▸ **Work order**
Copy the lines below as they are; omit the images they contain.

Segment Open

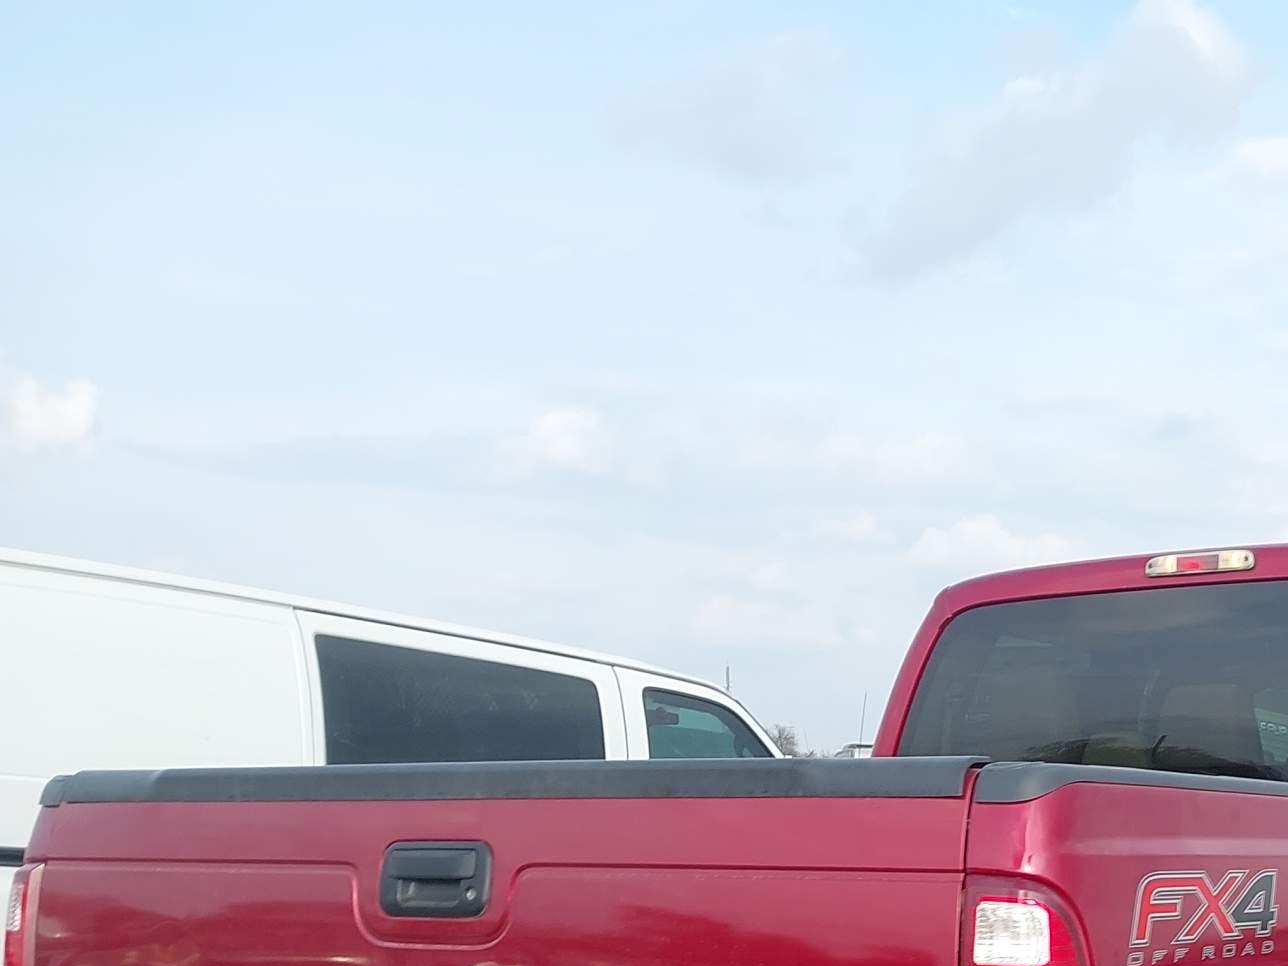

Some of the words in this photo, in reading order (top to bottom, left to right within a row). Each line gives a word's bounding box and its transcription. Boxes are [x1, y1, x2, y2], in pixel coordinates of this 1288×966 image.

[1129, 868, 1279, 948] FX4
[1126, 948, 1189, 966] OFF
[1201, 940, 1275, 961] ROAD
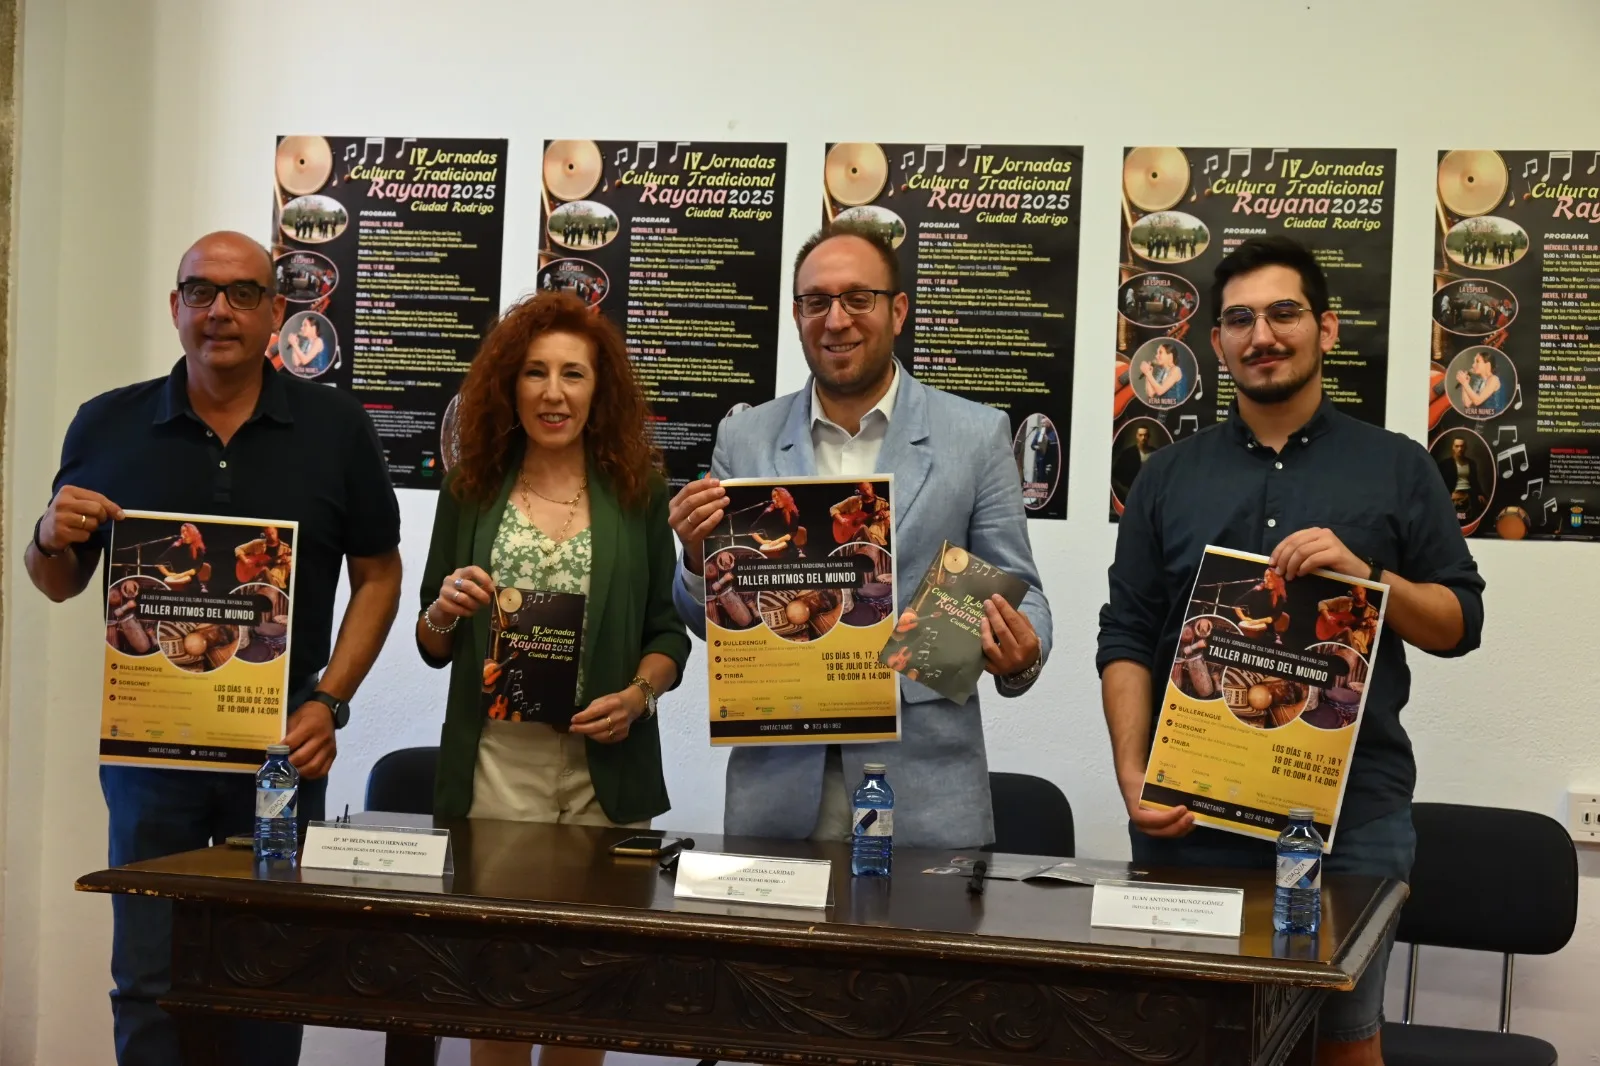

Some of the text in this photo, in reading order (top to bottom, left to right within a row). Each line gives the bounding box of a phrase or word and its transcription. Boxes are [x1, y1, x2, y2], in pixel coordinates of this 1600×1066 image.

Segment Closed

▸ **Answer for the task**
Some of the words in this photo, in reading order (top to bottom, left to right within a row). Each line gives a word's bounding box and its transcription. Boxes are [x1, y1, x2, y2], in pixel coordinates of this 1288×966 image.

[1129, 868, 1279, 948] FX4
[1126, 948, 1189, 966] OFF
[1201, 940, 1275, 961] ROAD

Some of the text in this photo, in reading order (top to bottom, left to right within a row). Each line gives the bounding box of a phrase or word and its transcription. Boxes are [x1, y1, x2, y2], in pixel coordinates of this 1600×1066 image.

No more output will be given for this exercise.